▸ EXERCISE DIRECTIONS: Reproduce the entries word for word but drop every picture.

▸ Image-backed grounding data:

◆ ◆ ◆ ◆

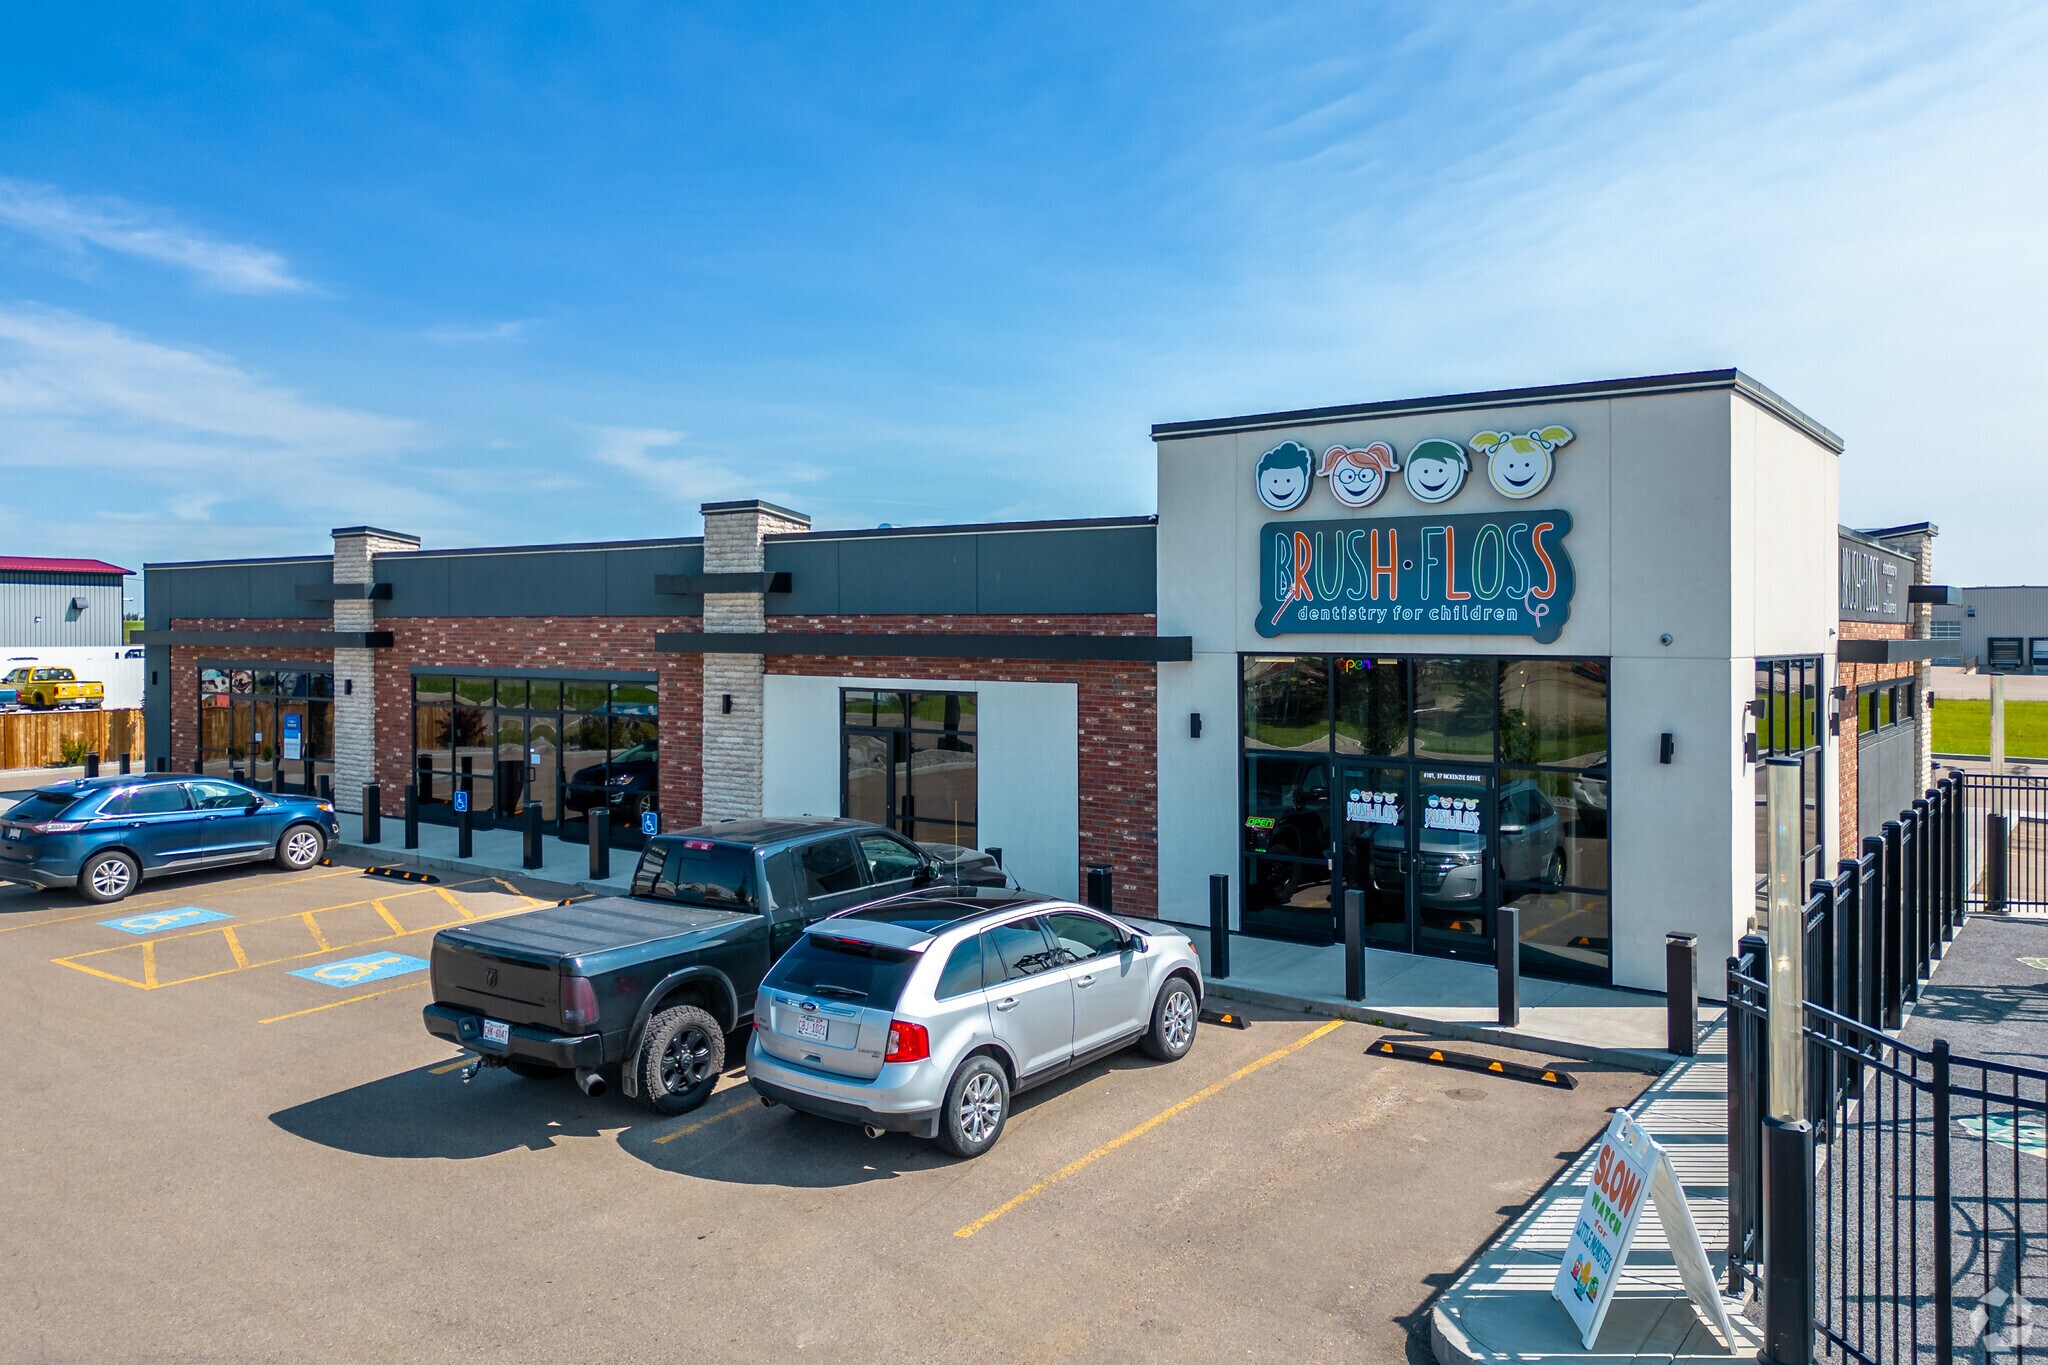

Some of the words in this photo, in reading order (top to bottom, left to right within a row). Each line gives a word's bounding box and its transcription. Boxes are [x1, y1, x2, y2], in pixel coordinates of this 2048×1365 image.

[1275, 529, 1398, 601] BRUSH
[1420, 522, 1557, 601] FLOSS
[1298, 606, 1388, 623] dentistry
[1393, 605, 1423, 621] for
[1429, 604, 1518, 621] children
[1338, 659, 1371, 673] open
[1247, 817, 1274, 827] OPEN
[1594, 1145, 1641, 1218] SLOW
[1592, 1191, 1622, 1237] WATCH
[1576, 1218, 1594, 1249] LITTLE
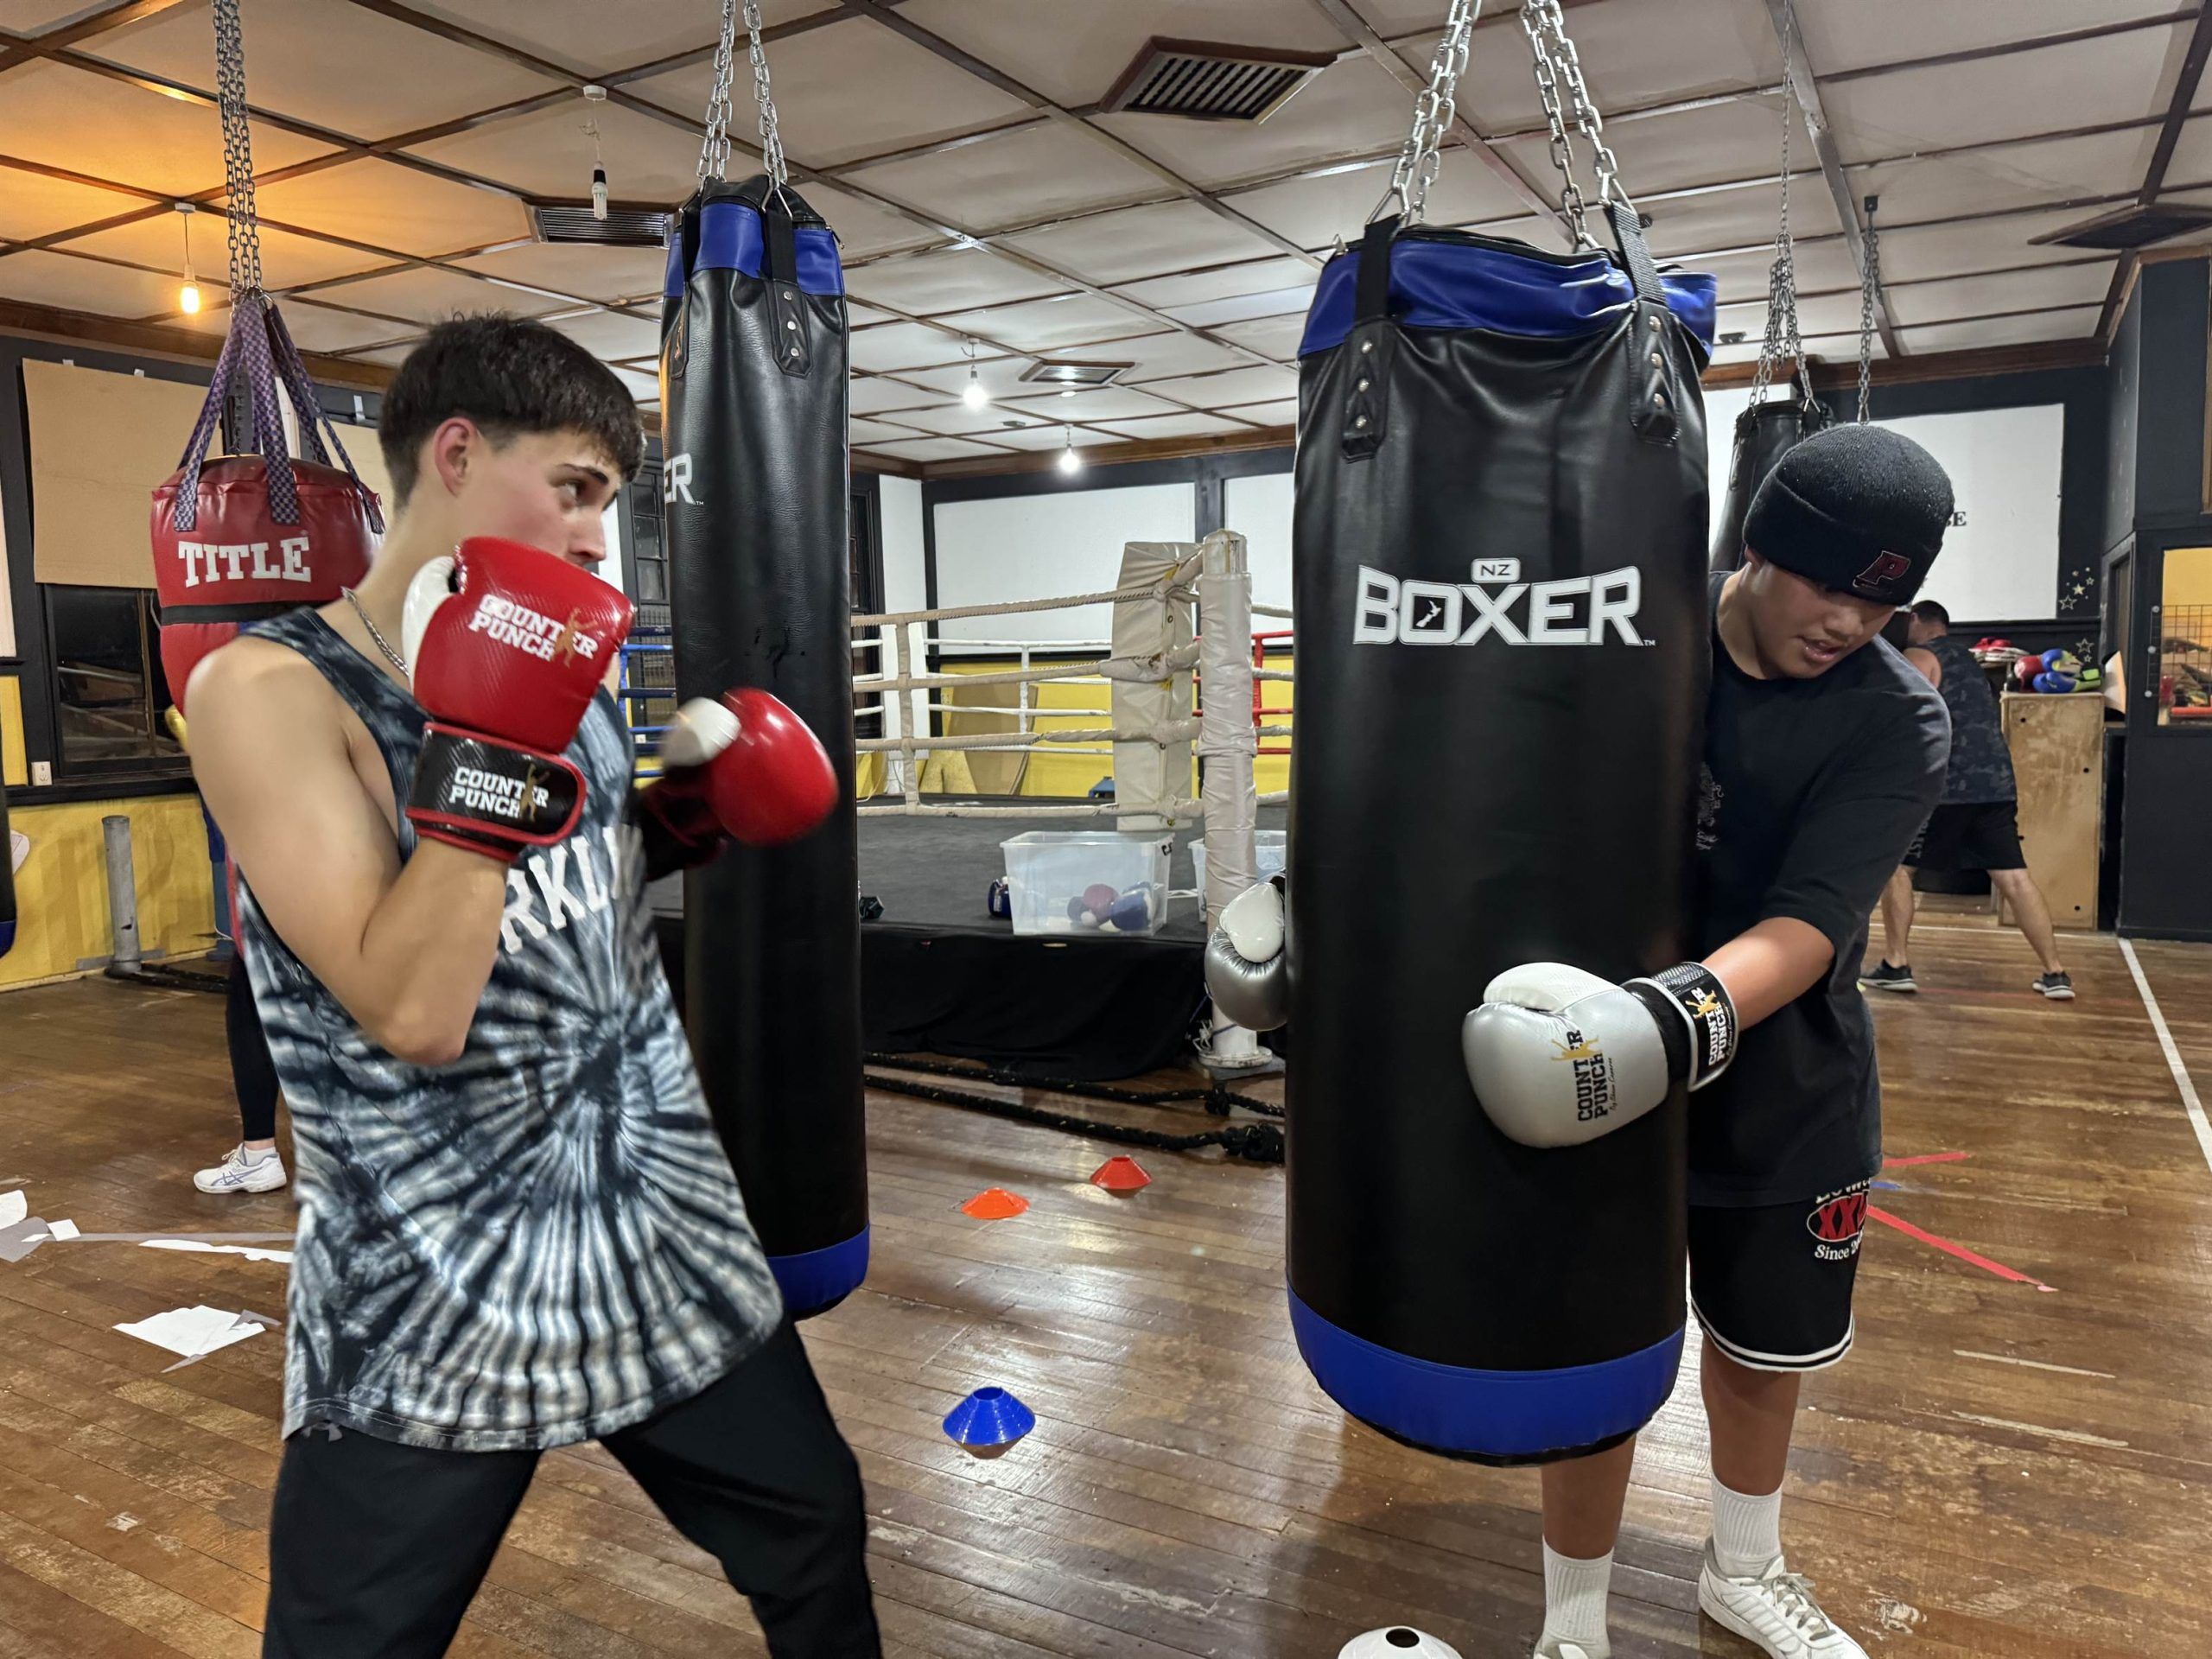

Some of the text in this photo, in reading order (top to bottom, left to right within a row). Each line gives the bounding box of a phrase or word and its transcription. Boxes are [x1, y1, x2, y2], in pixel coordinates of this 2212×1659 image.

[178, 537, 312, 588] TITLE
[1480, 563, 1511, 577] NZ
[1352, 563, 1643, 646] BOXER
[1814, 1244, 1850, 1261] Since
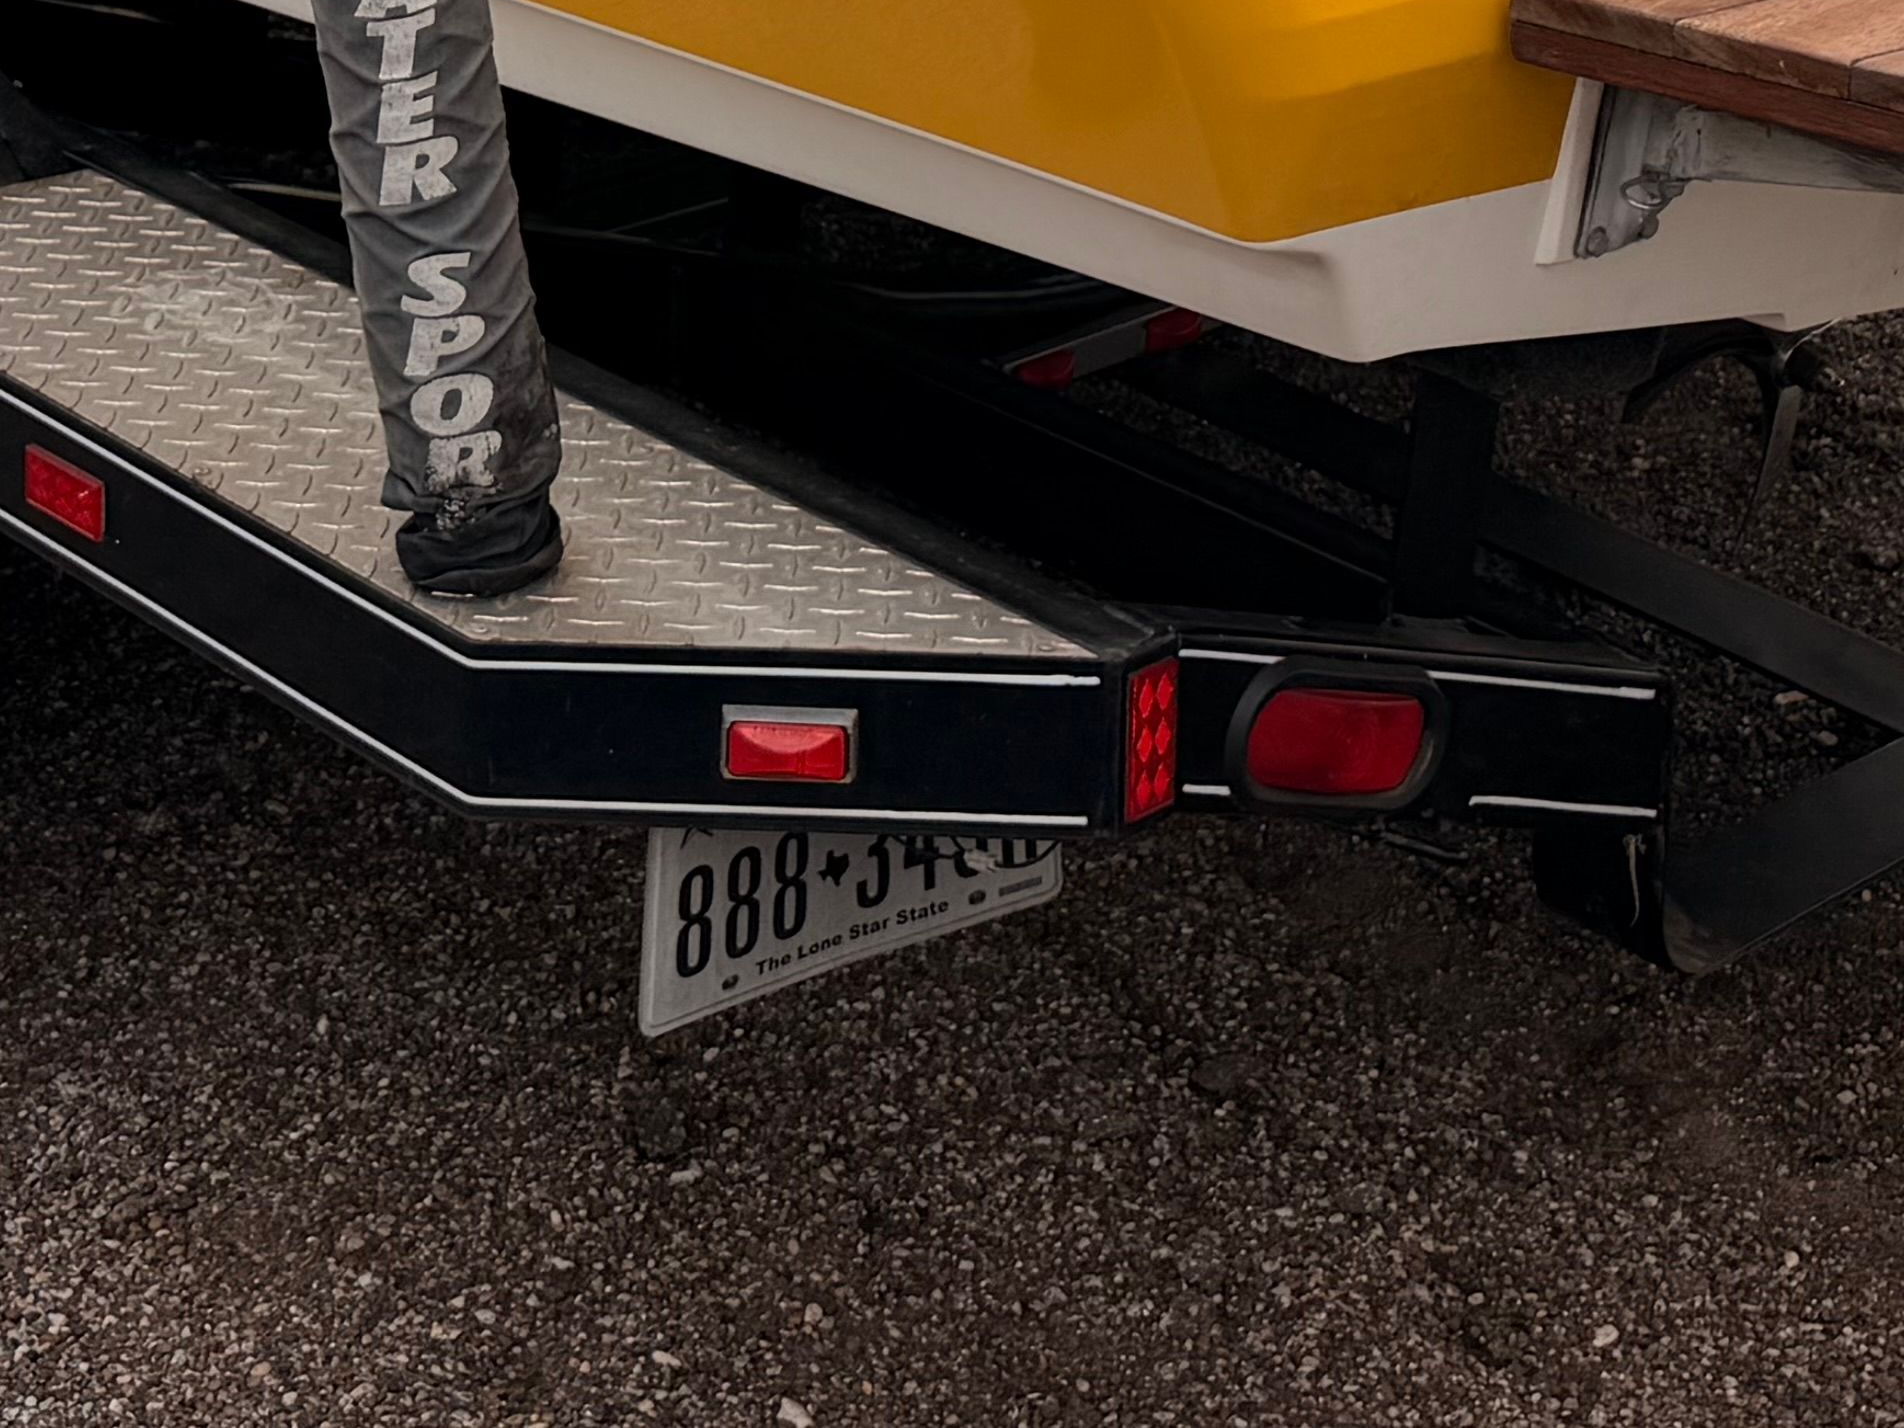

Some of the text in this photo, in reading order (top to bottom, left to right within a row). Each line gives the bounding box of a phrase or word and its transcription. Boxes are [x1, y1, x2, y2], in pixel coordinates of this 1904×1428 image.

◆ ◆ ◆ ◆

▸ EXERCISE SOLUTION:
Some of the words in this photo, in reading order (top to bottom, left to right within a row). Each line gives a word's bounding box and its transcription. Boxes are [x1, y1, x2, y2], in pixel coordinates of this 2048×1365 image.

[1275, 529, 1398, 601] BRUSH
[1420, 522, 1557, 601] FLOSS
[1298, 606, 1388, 623] dentistry
[1393, 605, 1423, 621] for
[1429, 604, 1518, 621] children
[1338, 659, 1371, 673] open
[1247, 817, 1274, 827] OPEN
[1594, 1145, 1641, 1218] SLOW
[1592, 1191, 1622, 1237] WATCH
[1576, 1218, 1594, 1249] LITTLE

Some of the text in this photo, in reading order (top to bottom, left to right within a row). Each line gives the bounding box of a phrase or word and its transcription. Boxes are [x1, y1, x2, y2], in pixel coordinates of this 2212×1659 image.

[178, 537, 312, 588] TITLE
[1480, 563, 1511, 577] NZ
[1352, 563, 1643, 646] BOXER
[1814, 1244, 1850, 1261] Since

Some of the text in this photo, in reading order (top to bottom, left to right within a row). Each line gives the bounding box of a phrase or word and its transcription. Boxes are [x1, y1, x2, y2], in pixel coordinates of this 1904×1428 image.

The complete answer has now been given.